Entries taken from a collection:
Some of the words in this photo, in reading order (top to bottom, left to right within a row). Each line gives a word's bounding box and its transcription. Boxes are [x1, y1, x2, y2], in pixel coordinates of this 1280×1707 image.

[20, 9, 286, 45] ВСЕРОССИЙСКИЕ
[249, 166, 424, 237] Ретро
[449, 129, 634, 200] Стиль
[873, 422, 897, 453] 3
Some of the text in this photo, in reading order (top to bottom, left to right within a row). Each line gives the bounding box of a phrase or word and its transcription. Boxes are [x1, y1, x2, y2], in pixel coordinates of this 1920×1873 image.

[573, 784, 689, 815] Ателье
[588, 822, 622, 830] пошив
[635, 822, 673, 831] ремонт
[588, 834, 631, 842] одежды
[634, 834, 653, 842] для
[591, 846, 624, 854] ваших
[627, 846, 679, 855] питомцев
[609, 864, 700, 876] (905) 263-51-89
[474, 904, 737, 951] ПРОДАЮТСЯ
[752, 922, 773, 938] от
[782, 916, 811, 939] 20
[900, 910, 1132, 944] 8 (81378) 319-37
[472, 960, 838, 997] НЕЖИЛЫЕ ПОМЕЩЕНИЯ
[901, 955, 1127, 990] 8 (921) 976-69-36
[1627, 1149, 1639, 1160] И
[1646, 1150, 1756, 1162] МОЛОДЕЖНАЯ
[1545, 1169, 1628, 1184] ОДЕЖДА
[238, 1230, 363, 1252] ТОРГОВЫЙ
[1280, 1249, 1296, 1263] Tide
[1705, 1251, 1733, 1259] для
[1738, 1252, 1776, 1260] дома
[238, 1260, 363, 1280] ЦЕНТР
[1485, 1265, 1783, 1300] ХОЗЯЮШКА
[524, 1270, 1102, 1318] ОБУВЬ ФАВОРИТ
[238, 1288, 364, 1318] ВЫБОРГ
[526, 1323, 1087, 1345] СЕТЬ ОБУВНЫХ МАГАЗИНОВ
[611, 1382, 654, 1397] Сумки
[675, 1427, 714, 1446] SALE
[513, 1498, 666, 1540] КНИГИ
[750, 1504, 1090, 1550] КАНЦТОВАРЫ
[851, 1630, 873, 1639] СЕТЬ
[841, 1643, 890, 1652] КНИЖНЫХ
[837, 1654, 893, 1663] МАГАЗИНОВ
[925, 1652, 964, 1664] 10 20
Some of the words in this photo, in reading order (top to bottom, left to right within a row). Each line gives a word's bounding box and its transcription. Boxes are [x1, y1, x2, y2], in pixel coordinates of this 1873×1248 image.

◆ **Directions for this task**
The entries above are to be restated word for word.

◆ **Exercise solution**
Some of the words in this photo, in reading order (top to bottom, left to right within a row). Each line gives a word's bounding box and its transcription. Boxes are [x1, y1, x2, y2], in pixel coordinates of this 1280×1707 image.

[20, 9, 286, 45] ВСЕРОССИЙСКИЕ
[249, 166, 424, 237] Ретро
[449, 129, 634, 200] Стиль
[873, 422, 897, 453] 3
Some of the text in this photo, in reading order (top to bottom, left to right within a row). Each line gives the bounding box of a phrase or word and its transcription. Boxes are [x1, y1, x2, y2], in pixel coordinates of this 1920×1873 image.

[573, 784, 689, 815] Ателье
[588, 822, 622, 830] пошив
[635, 822, 673, 831] ремонт
[588, 834, 631, 842] одежды
[634, 834, 653, 842] для
[591, 846, 624, 854] ваших
[627, 846, 679, 855] питомцев
[609, 864, 700, 876] (905) 263-51-89
[474, 904, 737, 951] ПРОДАЮТСЯ
[752, 922, 773, 938] от
[782, 916, 811, 939] 20
[900, 910, 1132, 944] 8 (81378) 319-37
[472, 960, 838, 997] НЕЖИЛЫЕ ПОМЕЩЕНИЯ
[901, 955, 1127, 990] 8 (921) 976-69-36
[1627, 1149, 1639, 1160] И
[1646, 1150, 1756, 1162] МОЛОДЕЖНАЯ
[1545, 1169, 1628, 1184] ОДЕЖДА
[238, 1230, 363, 1252] ТОРГОВЫЙ
[1280, 1249, 1296, 1263] Tide
[1705, 1251, 1733, 1259] для
[1738, 1252, 1776, 1260] дома
[238, 1260, 363, 1280] ЦЕНТР
[1485, 1265, 1783, 1300] ХОЗЯЮШКА
[524, 1270, 1102, 1318] ОБУВЬ ФАВОРИТ
[238, 1288, 364, 1318] ВЫБОРГ
[526, 1323, 1087, 1345] СЕТЬ ОБУВНЫХ МАГАЗИНОВ
[611, 1382, 654, 1397] Сумки
[675, 1427, 714, 1446] SALE
[513, 1498, 666, 1540] КНИГИ
[750, 1504, 1090, 1550] КАНЦТОВАРЫ
[851, 1630, 873, 1639] СЕТЬ
[841, 1643, 890, 1652] КНИЖНЫХ
[837, 1654, 893, 1663] МАГАЗИНОВ
[925, 1652, 964, 1664] 10 20
Some of the words in this photo, in reading order (top to bottom, left to right within a row). Each line gives a word's bounding box and its transcription. Boxes are [x1, y1, x2, y2], in pixel coordinates of this 1873×1248 image.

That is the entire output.